Milan, pressing e intensità: ecco la rivoluzione di Amorim a Milanello
Ruben Amorim è pronto a cambiare il volto del Milan, a partire dagli allenamenti. Come spiega La Gazzetta dello Sport, il tecnico portoghese vuole costruire una squadra dominante, aggressiva e capace di recuperare il pallone nel minor tempo possibile, abbandonando l'atteggiamento più attendista visto in diverse fasi della scorsa stagione.
Il principio cardine sarà il pressing organizzato. I movimenti verranno ripetuti decine di volte durante le sedute per diventare automatici: la squadra dovrà sapere quando alzare il baricentro, chiudere le linee di passaggio e indirizzare gli avversari verso le corsie laterali per riconquistare il possesso entro pochi secondi. Amorim, inoltre, interromperà spesso le esercitazioni per correggere errori e sincronizzare i reparti.
Cambia anche la costruzione dal basso
Anche la costruzione dal basso sarà completamente rivista. I tre difensori dovranno gestire il pallone con precisione, supportati dai mediani, privilegiando verticalizzazioni rapide e cambi di gioco. Il possesso non sarà fine a sé stesso: tocchi limitati, decisioni rapide e ricerca immediata della giocata efficace.

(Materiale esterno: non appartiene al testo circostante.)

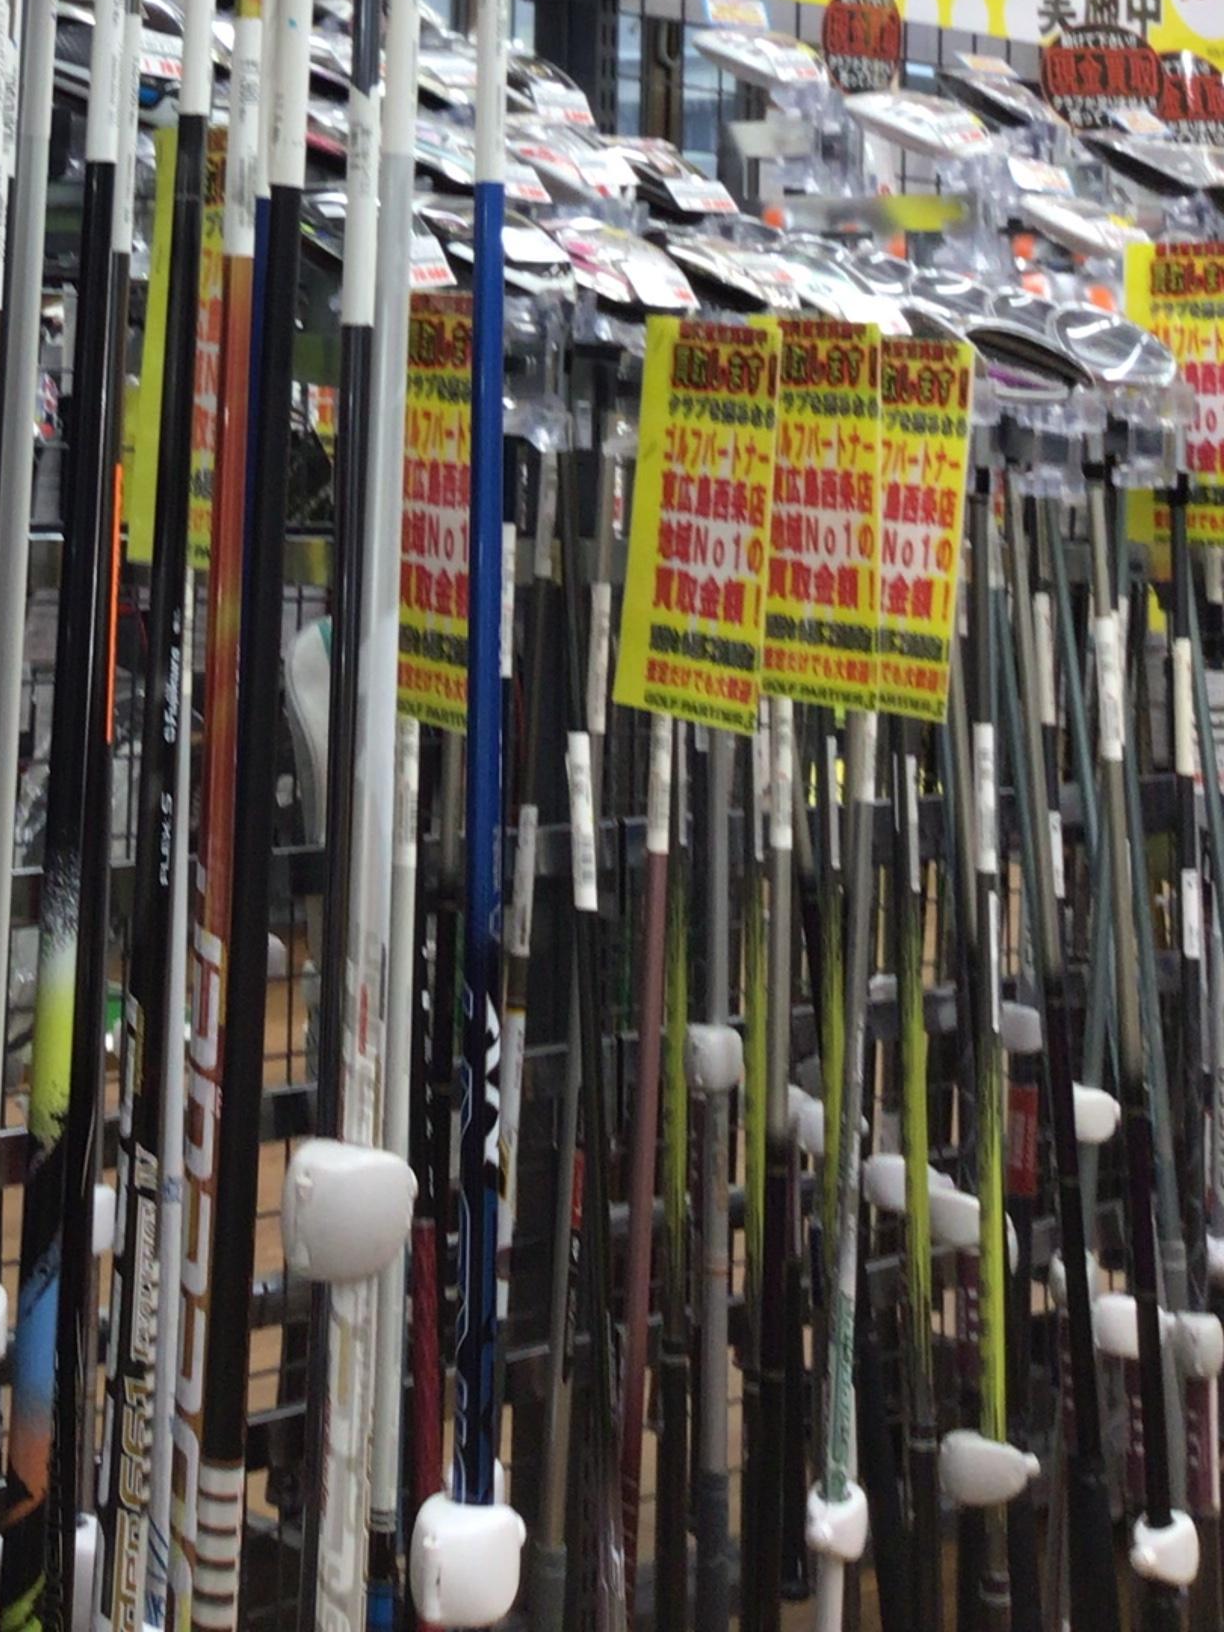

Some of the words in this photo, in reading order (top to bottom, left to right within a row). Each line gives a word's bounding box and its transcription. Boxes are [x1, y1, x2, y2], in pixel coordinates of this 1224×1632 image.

La preparazione atletica seguirà la stessa filosofia. Poche corse tradizionali e tantissimo lavoro con il pallone, ad altissima intensità. Le sedute saranno brevi ma molto impegnative, con esercitazioni e partitelle a tema pensate per riprodurre le situazioni di gara, dove si potrà segnare solo dopo aver recuperato il pallone attraverso il pressing.